Empty Sound by Thayer Walker/Sierra Club
Three pods of orcas known as the “Southern Residents” have feasted on salmon in Puget Sound for thousands of years. Now they’re vanishing.
By Thayer Walker

Ken Balcomb’s living room feels like a natural history museum. Two life-size fiberglass porpoises, cast from the frozen remains of animals that Balcomb found dead in the field, hang by ropes beside the fireplace. Mounted above a doorway is the baleen plate from a bowhead whale, its plankton-filtering hairs brushing the wall. On the coffee table, crowding a pile of books, rests the giant, toothy skull of a 26-foot killer whale, nearly as big as the table itself. There’s a small television by the piano, but for years the most exciting shows around here have unfolded on the other side of Balcomb’s bay windows, in the frigid waters of Washington’s Salish Sea.
“When the salmon are running, the killer whales come right up against the shore,” Balcomb says, pointing to an exposed chunk of reef a few feet offshore. The 69-year-old scratches his white beard and continues in a quiet, patient drawl. “That’s why I picked this house.”
Balcomb’s home, which sits on a two-acre rise on San Juan Island, doubles as the Center for Whale Research. Through more than three decades of study, this grizzled former navy lieutenant has become a leading expert on the three pods of Puget Sound whales known as the “Southern Residents.” His research, papers, photographs, and books have helped lay the foundation for much of what science knows about these creatures.
On this unseasonably hot and clear May morning, however, no black fins cut the water beyond his window. This is whale season, but he hasn’t seen the Southern Residents for days and doesn’t expect them back anytime soon. They’ve been spending less and less time around San Juan, and last year an alarming seven whales–nearly 10 percent of the population–failed to return. Standing in his living room, scanning the water for the missing giants, Balcomb faces the most alarming question of his career: What’s killing the killer whales?
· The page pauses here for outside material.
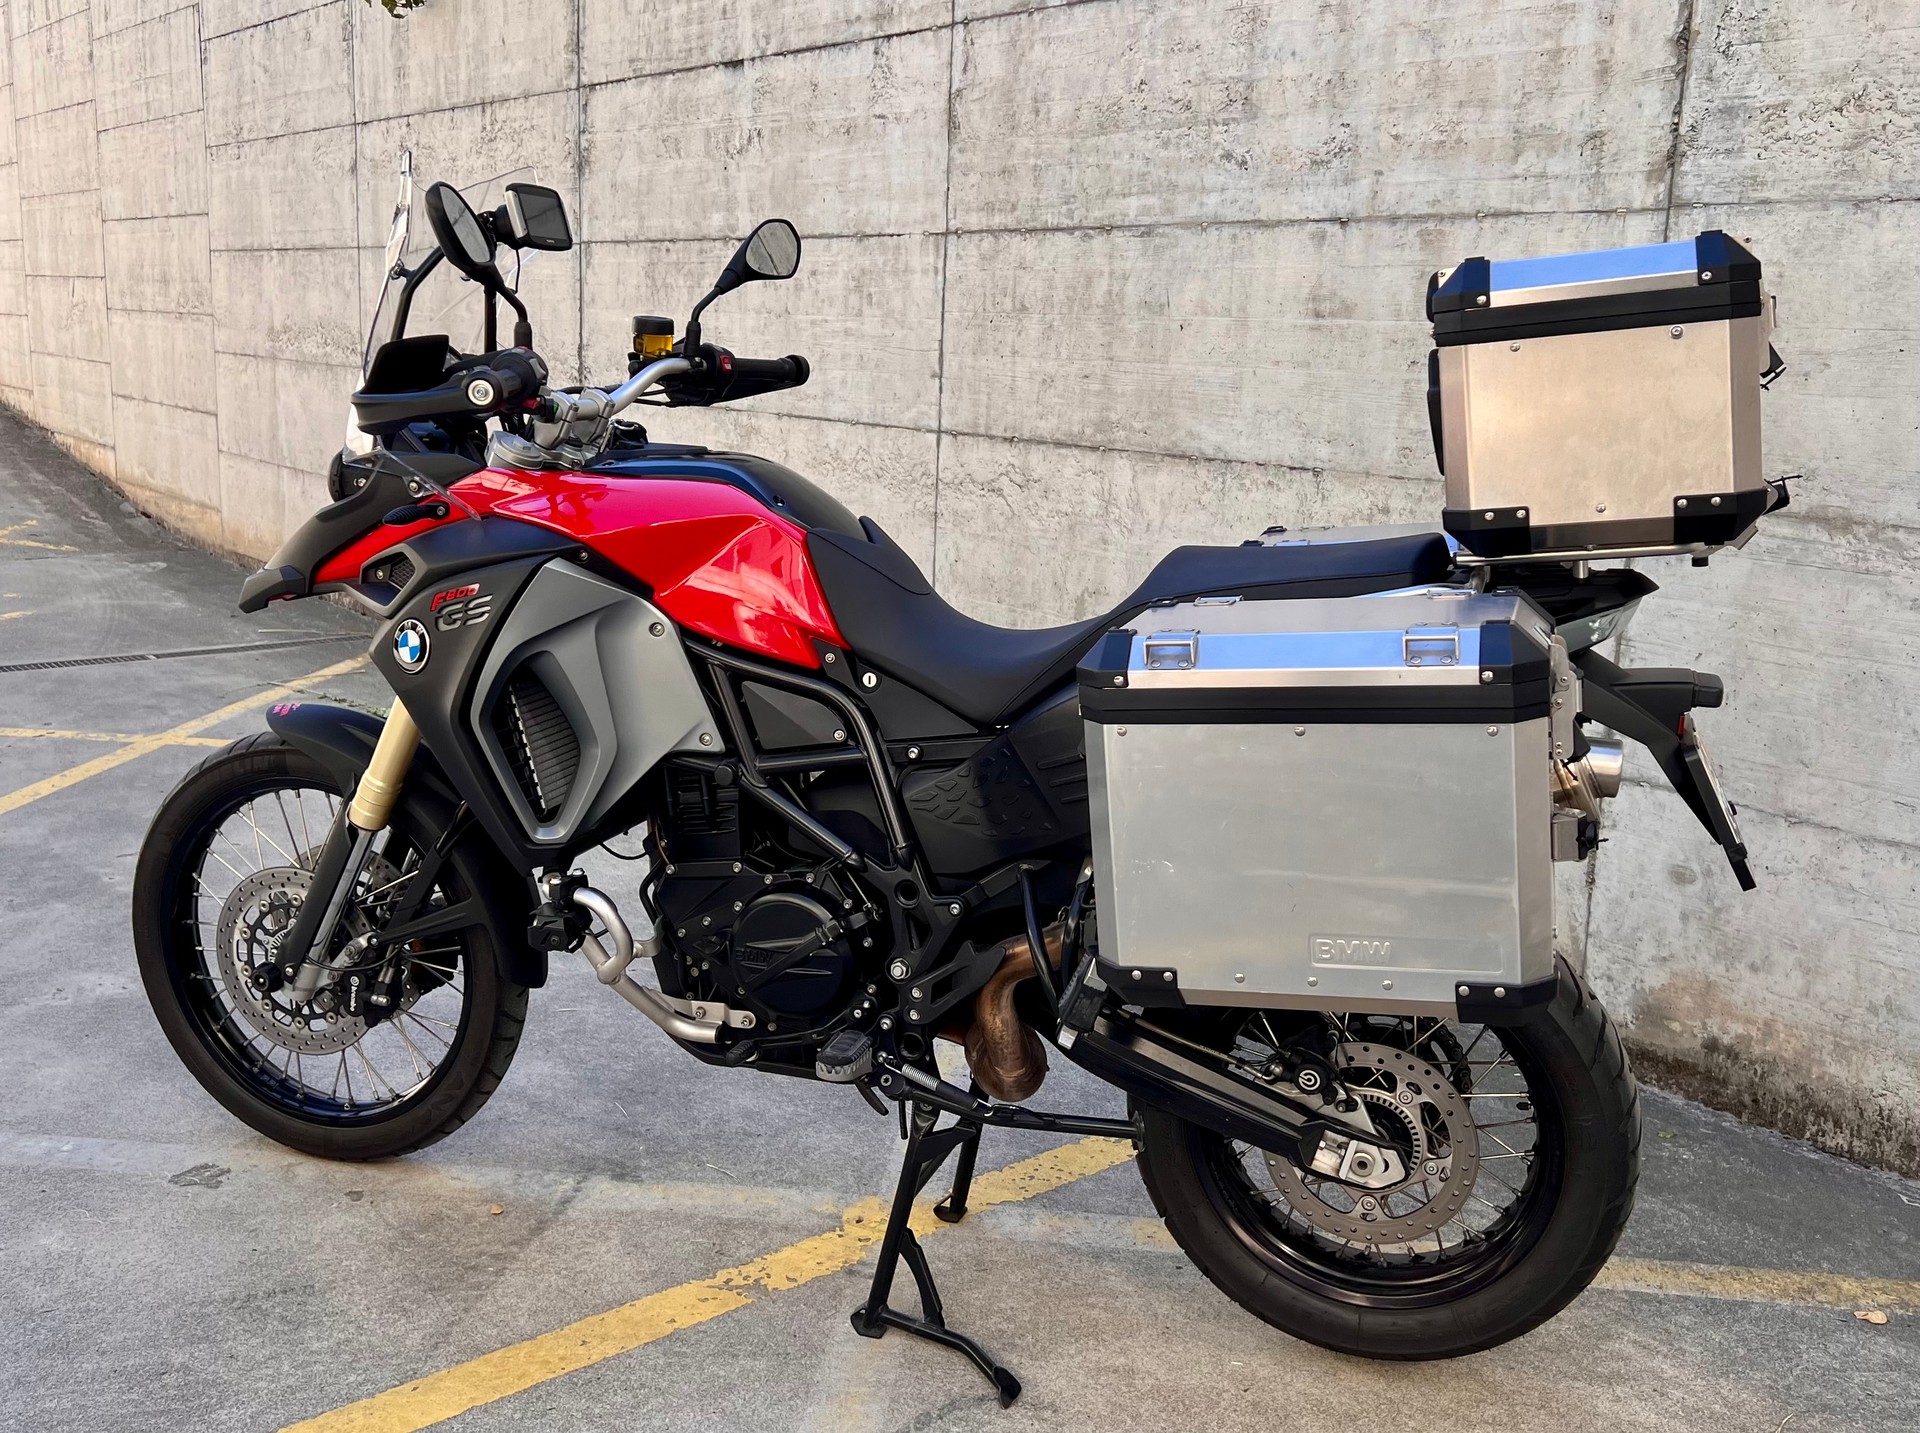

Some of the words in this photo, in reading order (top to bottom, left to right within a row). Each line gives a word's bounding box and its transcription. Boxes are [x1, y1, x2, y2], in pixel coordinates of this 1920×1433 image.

[430, 583, 480, 611] F800
[435, 594, 493, 632] GS
[1315, 939, 1391, 962] BMW
Found in every ocean, killer whales are the planet’s most widely distributed cetaceans. The northeastern Pacific orcas in Puget Sound are thought to be a subspecies. Balcomb began studying the whales in 1976 after getting a zoology degree at the University of California and spending seven years as a navy sonar specialist. When his original government-funded census project expired after seven months, he continued his research, supporting himself by hawking orca T-shirts and buttons. During tough times he ate roadkill rabbit for dinner. “This is a high-rent area now, but we were scratching by in the ’80s,” he recalls. “I told myself I’d do whatever it takes to be here.”